**What is required**
Leaving out the images, please reproduce each line below exactly.

**Data section**
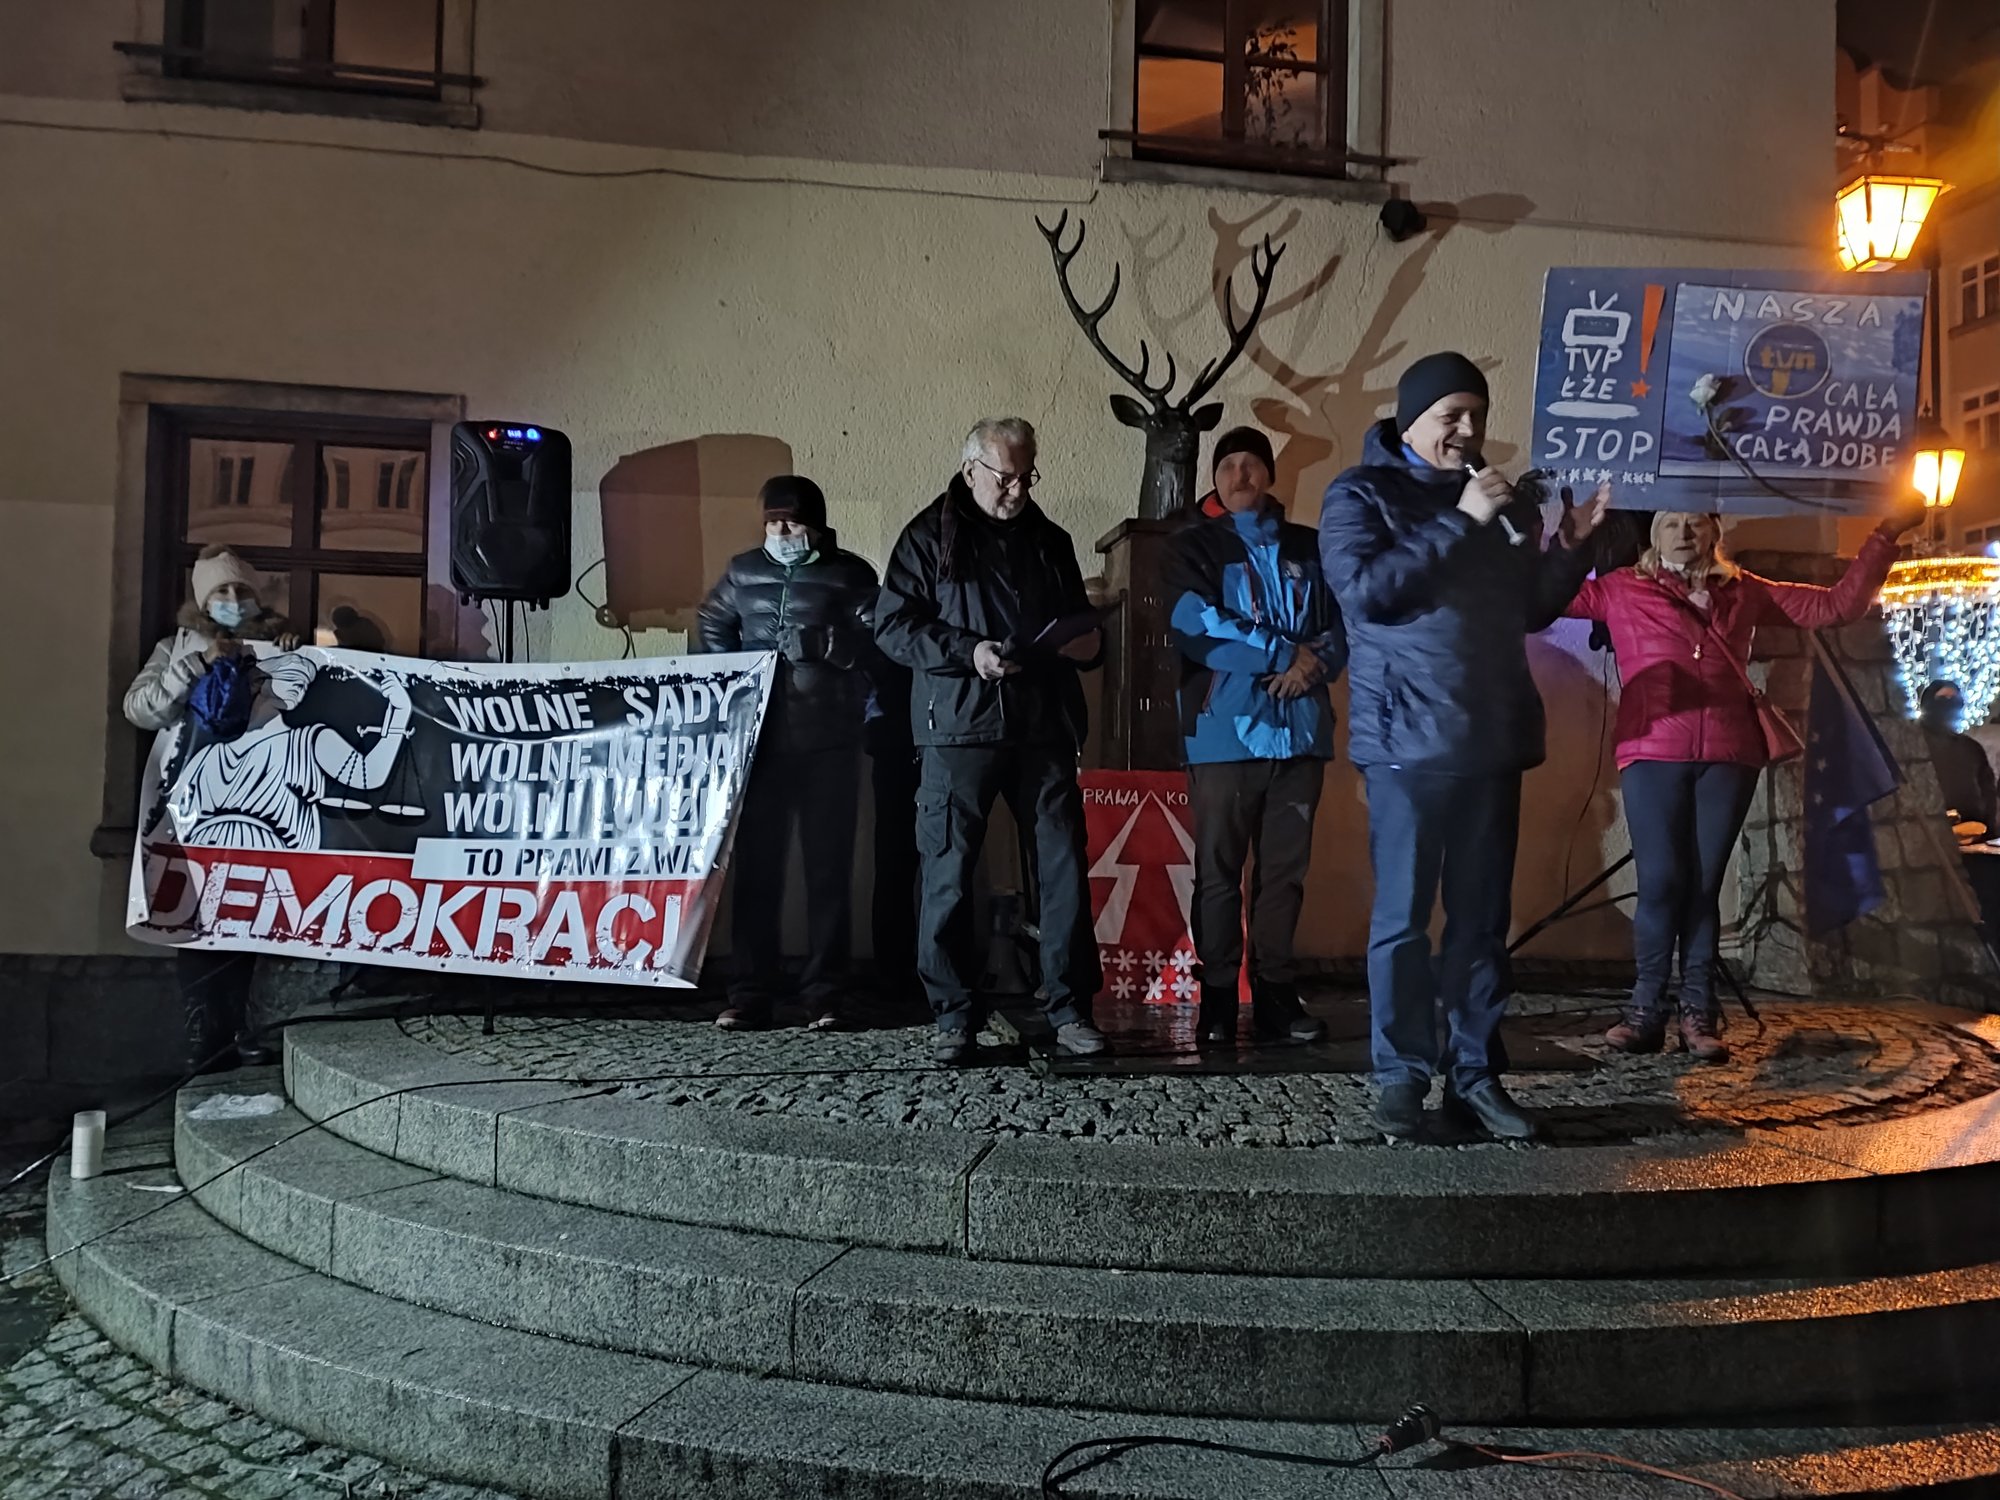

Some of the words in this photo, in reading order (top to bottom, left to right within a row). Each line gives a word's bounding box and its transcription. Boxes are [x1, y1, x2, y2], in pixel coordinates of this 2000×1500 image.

[1712, 292, 1881, 327] NASZA
[1564, 347, 1623, 373] TVP
[1561, 373, 1617, 400] ŁŻE
[1824, 382, 1899, 410] CAŁA
[1764, 405, 1901, 440] PRAWDA
[1544, 426, 1654, 463] STOP
[1735, 433, 1812, 468] CAŁĄ
[444, 691, 594, 733] WOLNE
[623, 679, 738, 732] SĄDY
[451, 740, 594, 783] WOLNE
[607, 732, 736, 779] MEDIA
[444, 792, 576, 834] WOLNI
[1083, 788, 1139, 806] PRAWA
[1166, 790, 1189, 806] KO
[464, 848, 503, 876] TO
[144, 856, 702, 969] DEMOKRACJ
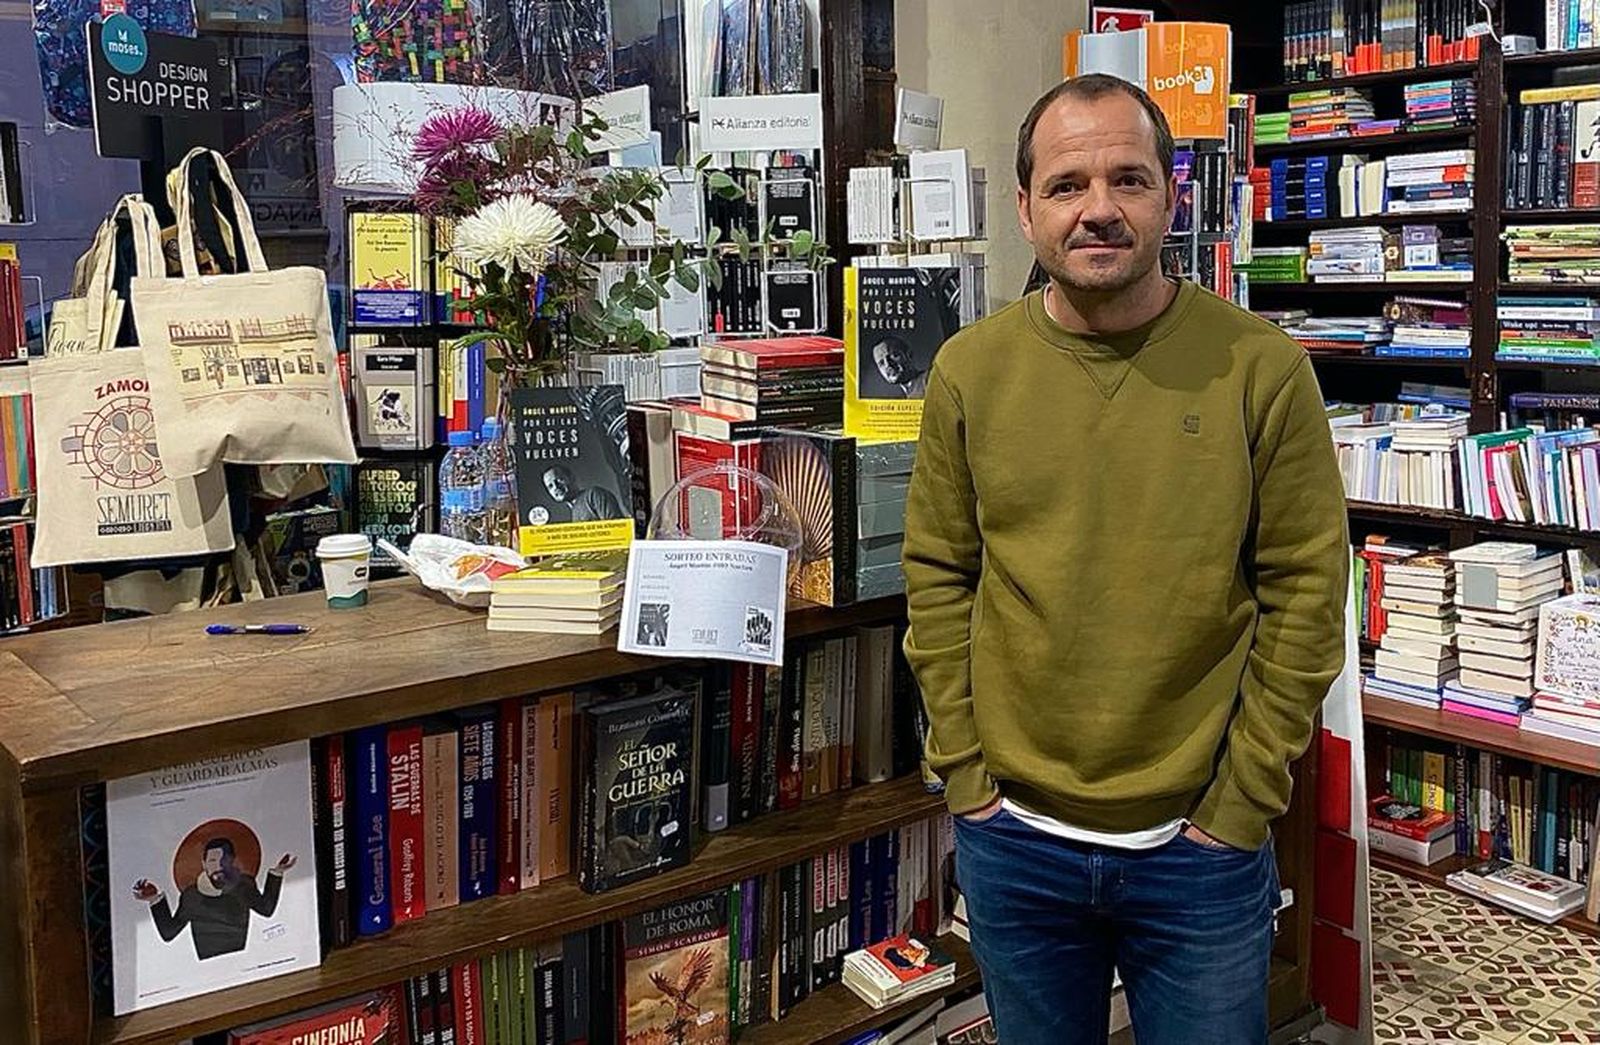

**Reply to the task**
Some of the words in this photo, in reading order (top to bottom, left to right within a row). Each line gives a word's bounding box and its transcription. Boxes are [x1, y1, x2, y2], in pixel coordinates of this 2000×1500 image.

[1712, 292, 1881, 327] NASZA
[1564, 347, 1623, 373] TVP
[1561, 373, 1617, 400] ŁŻE
[1824, 382, 1899, 410] CAŁA
[1764, 405, 1901, 440] PRAWDA
[1544, 426, 1654, 463] STOP
[1735, 433, 1812, 468] CAŁĄ
[444, 691, 594, 733] WOLNE
[623, 679, 738, 732] SĄDY
[451, 740, 594, 783] WOLNE
[607, 732, 736, 779] MEDIA
[444, 792, 576, 834] WOLNI
[1083, 788, 1139, 806] PRAWA
[1166, 790, 1189, 806] KO
[464, 848, 503, 876] TO
[144, 856, 702, 969] DEMOKRACJ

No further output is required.